The Science Sunday at Glasgow University on the 14th of June was a great way to mark the end of the 2015 Glasgow Science Festival. The event encapsulated everything that the festival aims to do: Get people of all ages interested and engaging with science.
The event could be described as a mini science festival. There were stands and activities over the course of the 6 hours in the university’s Hunter Halls, which students typically associate with dreaded exams, although on the day, the halls were packed full of excited people. These stands covered a variety of subjects from all areas of science, including investigating the dietary requirements necessary to grow strong bones, building structures of DNA, discovering what is required to be an effective long jumper, and a competition based on how many step-ups participants could do in a minute. All stands were supported by friendly science festival volunteers and numerous recognisable university lecturers and staff, all keen to communicate science and research.
As well as the stands in Hunter Halls, there were additional exhibits and activities upstairs in the Hunterian Museum (which is always well worth a visit, even without this extra incentive). There were stalls that explained how structures on insects such as beetles and butterflies give them colours that differ from those given by pigmentation and another that showed how 3D printing could be a useful tool in repairing nerve damage. The researchers at the stall I was most drawn to talked about bone structure. There were many specimens available to observe and hold in order to help explain how bones vary between species and what structural adaptations they have in order to be able to perform a diverse range of tasks, such as the hollow bones birds have to decrease their weight.
Other events hosted throughout the day included talks, demonstrations and a science-themed pantomime that will be performed in full at the Edinburgh Fringe Festival. (Who doesn’t love panto?!) These events allowed me to gain a perspective of what this day is really about: how children can engage with science outside of the classroom. Worth noting is the ‘Superhero Science’ talk, which explained the science behind certain superhero powers. Superhero powers such as camouflage and the ability to hang from ceilings are actually seen in nature with the cuttlefish and the gecko respectively. The idea of editing the human genome to insert the genes responsible for these ‘superpowers’ and create a real-life superhero really captured the imaginations of the children. The talk was topped off with the audience having to navigate its way via ‘video link’ to stop a supervillain, Dr Jean Splice (pun alert), from taking a supervirus created in a lab in the university. Even one of the Professors of Genetics at the university, Kevin O’Dell, even had a cameo as an evil security guard in the video. The outcome of this in the session I was present in was a superhero with the power to control electricity, camouflage and the ability to read minds, gaining the not-so-catchy name of Super Cool Dude of Doom. Needless to say, the kids were fascinated.

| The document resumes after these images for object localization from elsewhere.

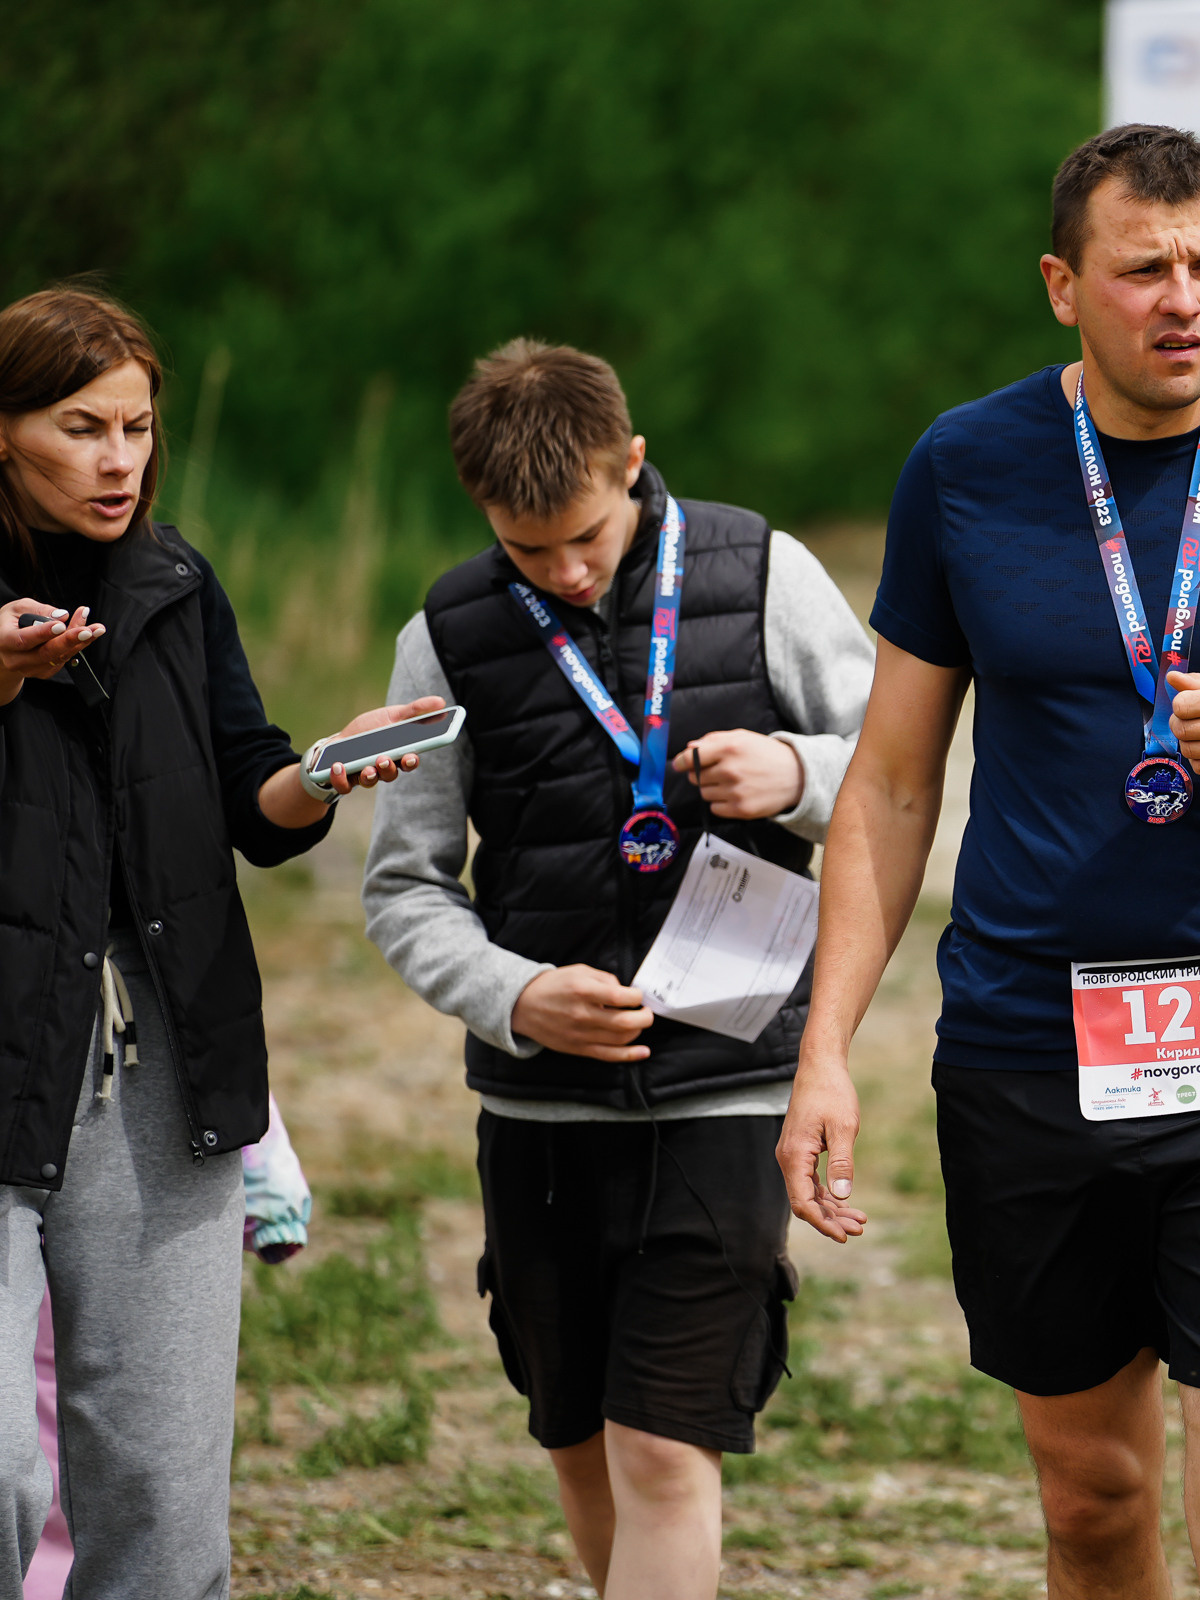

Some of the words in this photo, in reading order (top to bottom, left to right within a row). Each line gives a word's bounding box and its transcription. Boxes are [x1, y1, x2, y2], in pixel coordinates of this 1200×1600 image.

[1076, 410, 1102, 487] ТРИАТЛОН
[1092, 488, 1112, 527] 2023
[525, 594, 551, 627] 2023
[1147, 816, 1166, 824] 2023
[1082, 969, 1179, 985] НОВГОРОДСКИЙ

Whilst I found that, as a science student, there were a few points of interest, I think that Science Sunday is best described as a family event, and a very good one at that. These are the sort of events that are needed to get children engaged in science, and to show them that it can be performed outside of the classroom, in a less controlled environment. Getting a child to sit for an hour in a lecture theatre and remain interested is an extraordinary feat; it’s often quite difficult for students to even manage that.
Overall, the format of Science Sunday lends itself very well to the Science Festival as a whole. While the science festival has events which cater to all ages, this event allowed a platform for a broad spectrum of disciplines to come together in a family-focused manner. Science Sunday reminded me of how many scientists’ dreams began in childhood, with their scientific curiosity sparked by events such as this one. Knowing the joy of discovering science at a young age is one thing; being able to inspire it is another. A huge congratulations to the GSF team for exciting the minds of so many young people, and inspiring the next generation of scientists.